Thursday, December 8, 2011

I am an I?

Hi, my name is Mrs D and I am a ... *coughs*.. um .. hi.  I'm Mrs D and... um ... huh.. *clears throat*.. sorry, lets try that again.  Hi.  I'm Mrs D.  And I. Am. A ... ... ... dysfunctional drinker.

I've never called myself an alcoholic.  Am I one?  I like to call myself a dysfunctional drinker.  A boozer.  A enthusiastic wine-drinker.  But alcoholic, no.  Semantics?  Probably.  But still.  I don't want to call myself an alcoholic.  For one thing I think it provides too blunt a label, or at least one that I'm not comfortable with.  But also .. well .. I dunno .. I'm embarrassed to say that I am one.  It conjours up images of derelict losers and I'm not one of "them".  You know the type.  Those winos in the gutter. Those smelly ladies with filthy clothes and unkempt hair I see in my supermarket with trollys filled with big casks of wine.
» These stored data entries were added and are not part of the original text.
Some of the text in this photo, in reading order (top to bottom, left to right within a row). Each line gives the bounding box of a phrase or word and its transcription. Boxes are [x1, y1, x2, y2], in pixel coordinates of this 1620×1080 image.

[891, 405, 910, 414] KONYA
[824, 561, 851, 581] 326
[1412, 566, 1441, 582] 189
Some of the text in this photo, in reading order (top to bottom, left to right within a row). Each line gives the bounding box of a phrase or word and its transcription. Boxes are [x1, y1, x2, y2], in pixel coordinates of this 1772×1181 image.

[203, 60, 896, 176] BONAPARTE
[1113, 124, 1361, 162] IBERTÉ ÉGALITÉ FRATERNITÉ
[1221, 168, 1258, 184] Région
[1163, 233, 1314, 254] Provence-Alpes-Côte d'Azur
I mean, I never drank cask wine! Admittedly my bottles were only worth about $10 but, you know, there was glass involved.  No cardboard round here.  And I wasn't a stumbling drunk out on the streets creating a scene.  Ok so there was that one time I sort of stumbled in front of my inlaws while holding my 6 year old and sort of dropped him a bit .. but I don't think they all knew how much wine I'd poured into myself that evening.  Oh and there's those favourite earrings that I lost during almighty binges (still think they might have gone down the drain, there was vomiting involved).  So that's all pretty sloppy behaviour.  Me as a derelict loser, yeah.

Trying to read Allen Carr's 'The Easy Way to Stop Drinking', finding it rather intense but will persevere in the interests of keeping my brain alert to the perils of alcohol (my sly wine-drinking fox is still lurking in the back recesses of my brain I'm sure of it). Anyway he says the definition of an alcoholic is someone who has lost control over their intake.
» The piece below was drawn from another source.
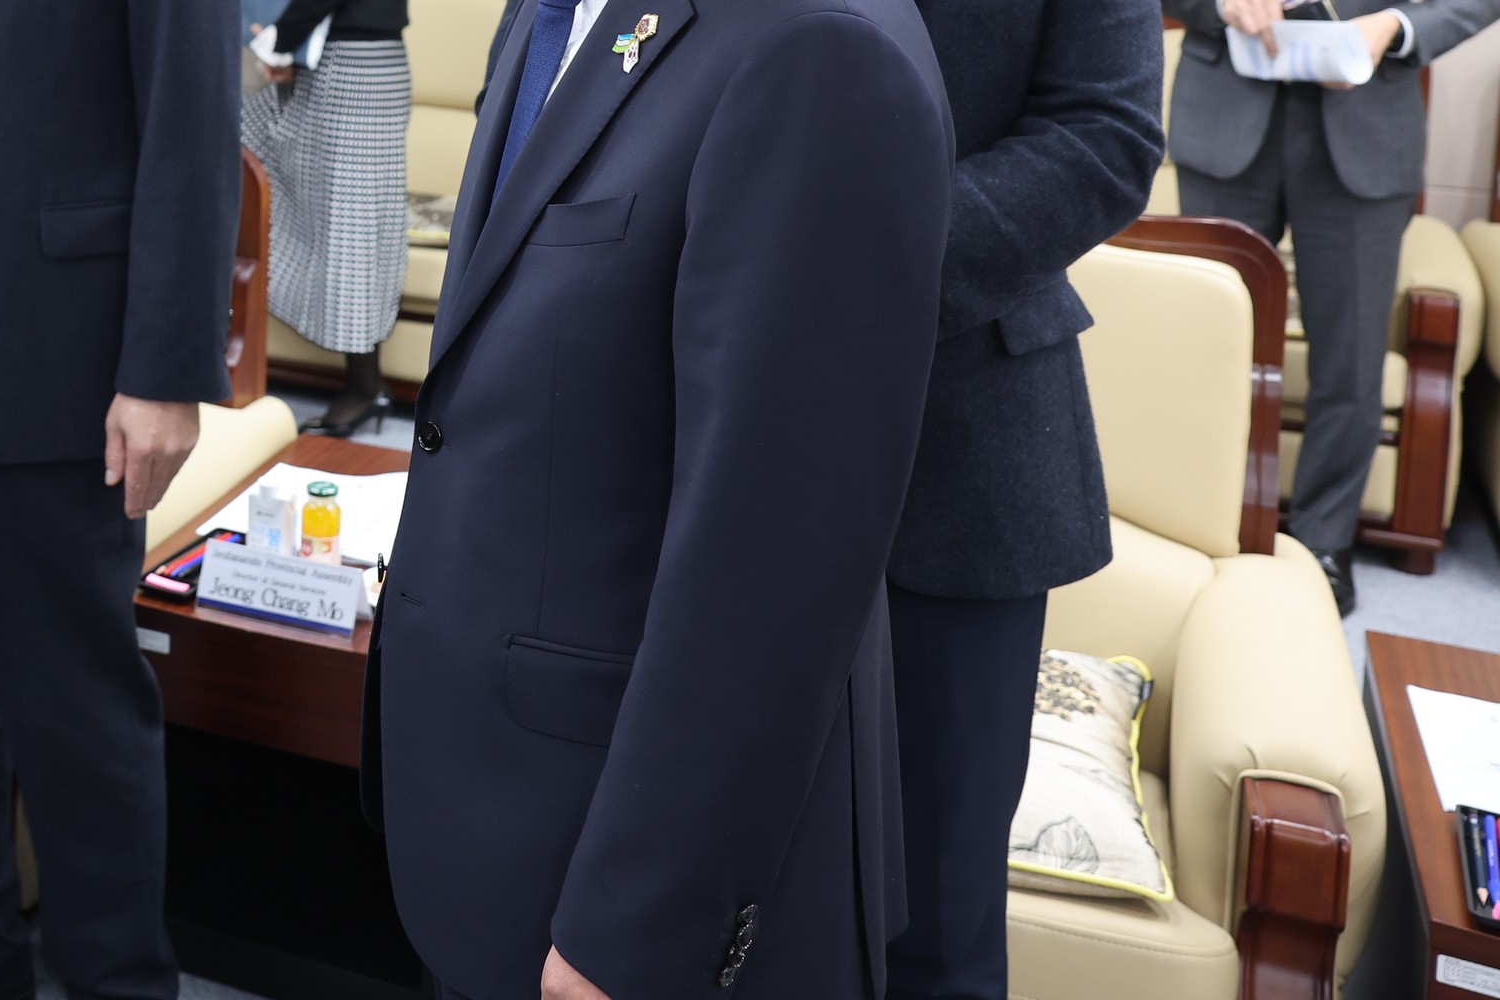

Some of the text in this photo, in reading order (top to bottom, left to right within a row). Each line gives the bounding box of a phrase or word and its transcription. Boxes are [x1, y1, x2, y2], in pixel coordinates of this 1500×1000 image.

[209, 576, 344, 621] Jeong Chang Mo
Well I had definately lost control over my intake.  I think I lost it back in the late 80's actually.  But sorry Allen I'm not ready to own that label yet.

Love, Mrs D xxx


  1. Allen Carr's 'Easy Way to Stop Smoking' helped me give up a heavy smoking habit. The alcohol version didn't really do it for me. I know he was a smoker, but I'm not sure he was an alcoholic. My experience is that the smoking addiction is quite different from alcoholism.

    I believe smoking is just a physical addiction. Alcoholism is a disease of the body, mind and spirit of which the actual drinking is just one part.
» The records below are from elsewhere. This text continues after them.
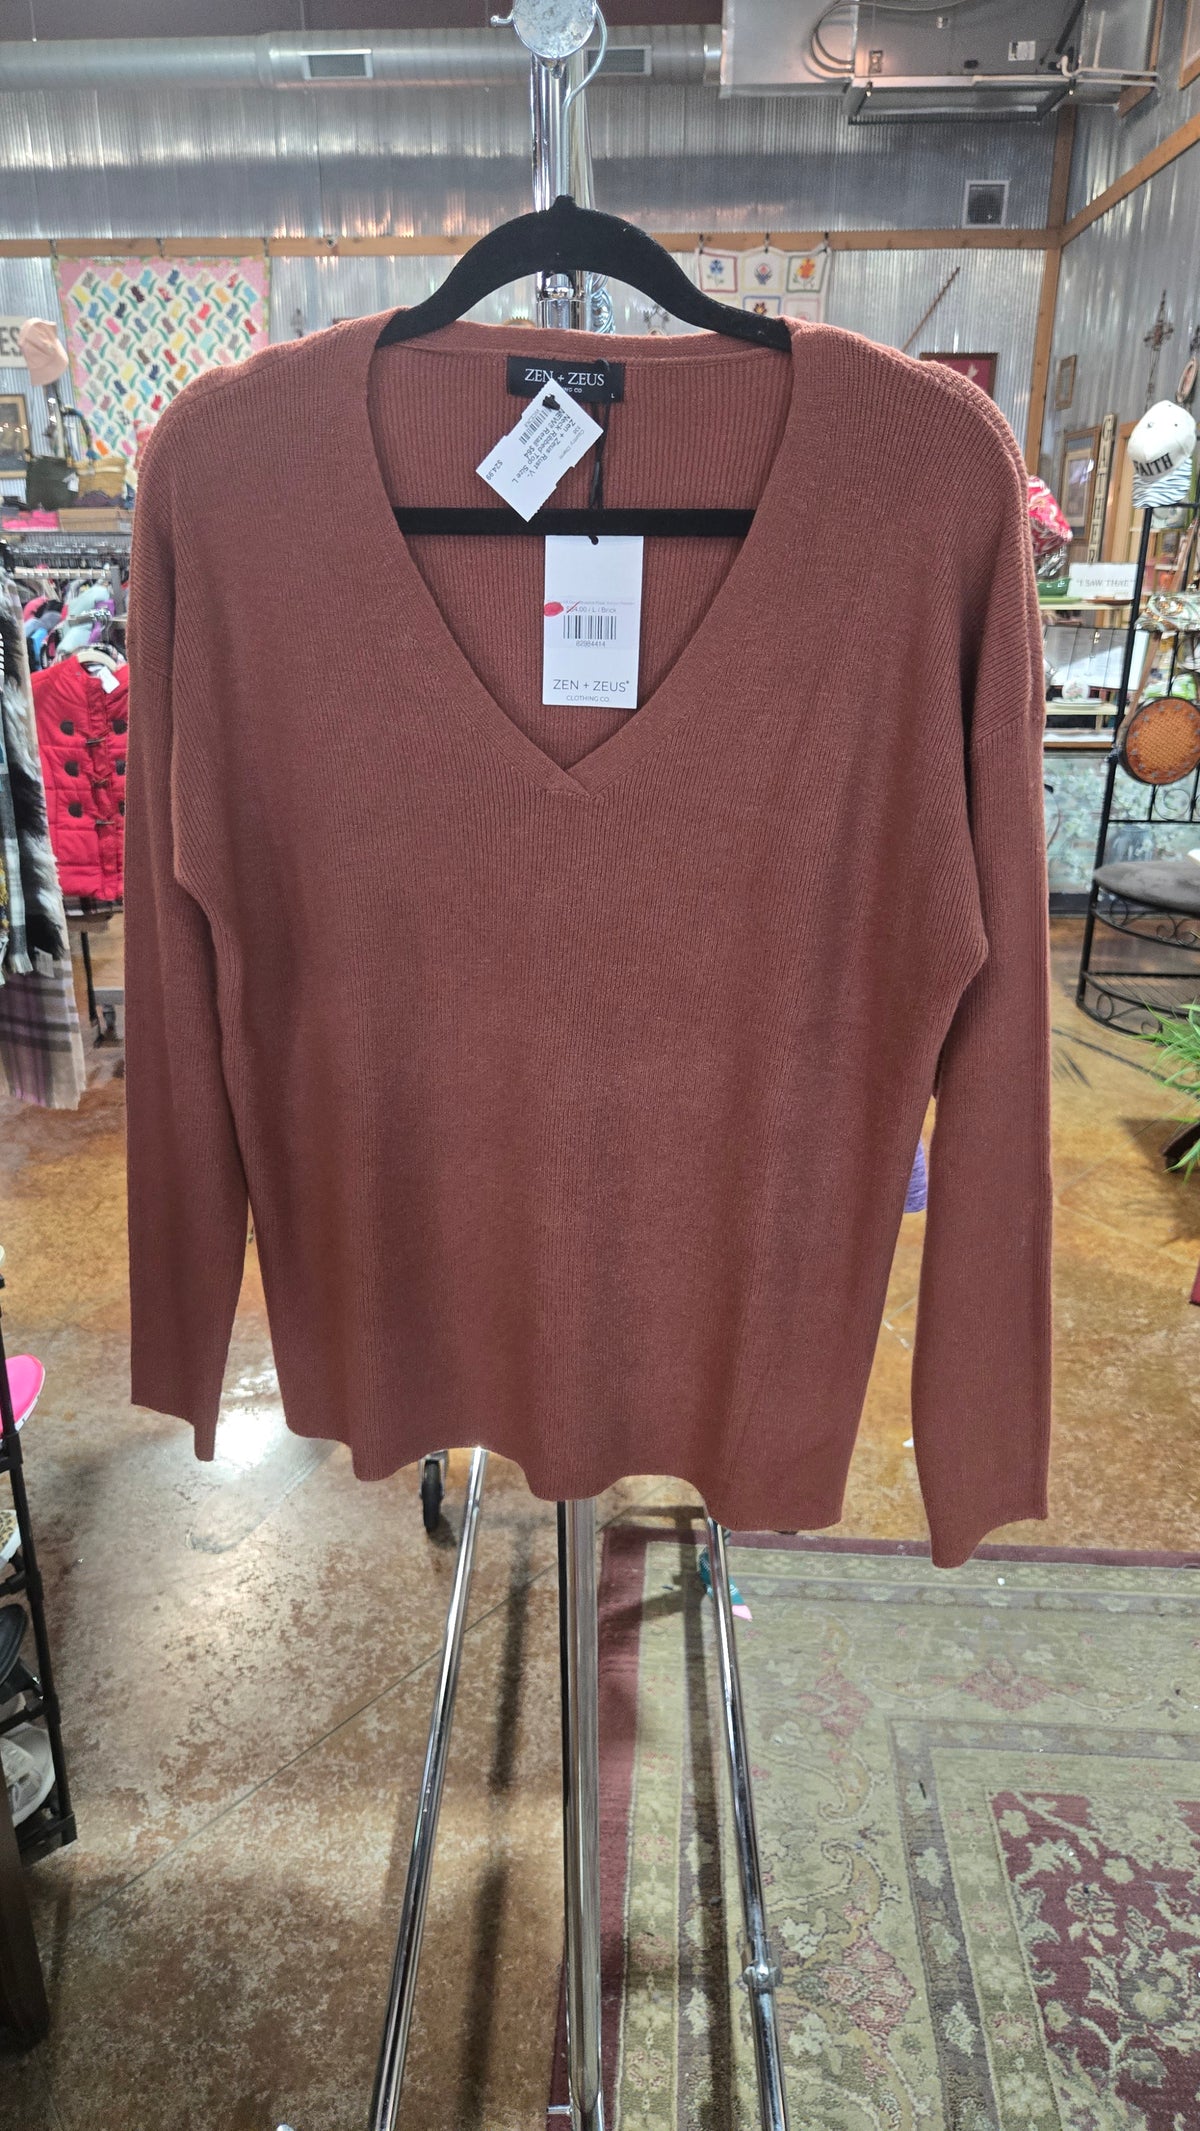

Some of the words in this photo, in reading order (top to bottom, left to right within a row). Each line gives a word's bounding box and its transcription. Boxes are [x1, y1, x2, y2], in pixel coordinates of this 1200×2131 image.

[524, 368, 554, 382] ZEN
[568, 372, 605, 386] ZEUS
[555, 414, 570, 430] Neck
[563, 419, 575, 432] Zen
[532, 427, 549, 446] Retail
[537, 430, 556, 452] Ribbed
[524, 446, 534, 458] $64
[546, 438, 560, 454] Zeus
[526, 452, 538, 465] Top
[534, 454, 546, 468] Rust
[1132, 453, 1172, 476] FAITH
[485, 459, 502, 479] $24.99
[516, 464, 528, 479] Size
[553, 679, 579, 690] ZEN
    For me only the experience of other alcoholics made any impression. I could relate to them. People who aren't really alcoholics just don't know what is is like and their advice, although well meaning is useless to someone like me.

    Until I really admitted to myself that I was/am an alcoholic I couldn't give up. And if I had managed to give up without that admission I could have remained in denial, secretly convincing myself that I wasn't really. Just had to cut down a bit....etc, etc. Really just setting myself up for a relapse.

    Great writing Mrs D, I do so identify with so much that you write.

  2. Allen Carr's drinking thing is about being dehydrated, from the way I read it. He says alcohol makes you dehydrated, which makes you thirsty, which makes you drink more...
    Anyway, I think it was a tv show but my wife and I used to joke about the "shame cycle" and how we were being dragged into it.
    Be an alcoholic, that's just what we are, it's a badge of honour to say you do things 'thoroughly and to exhaustion' in a way.
    It's sort of revolting to accept you have a label that you have always reviled, but we are much more than just one label, I have about six - depending on who you ask...

  3. Hi sis, I love reading your blog and think alcoholic or not, I'll be looking forward to drinking ginger beer with you all summer (ok, me due to being pregnant but still good to have a fellow teetotaller). I too can't wait to snuggle into bed with a good book and wake up with no hangover.
    Very proud of you Mrs D. xxx

  4. I quite smoking because of vanity. I didn't want to look wrinkly when I was older. So shame, vanity, use whatever works to motivate you. Best wishes.

  5. Labels only hold the weight you allow them to. In the beginning I couldn't handle the alcoholic label but once I was defeated I could. Simply because I began to see how it fit. For me the label means alot less than the need for the spiritual and mental growth I've gotten.

    Don't label yourself if you don't want to but don't allow the lack of a label to grey that line in the sand you've drawn.

  6. You said it so more eloquently than I...Thanks.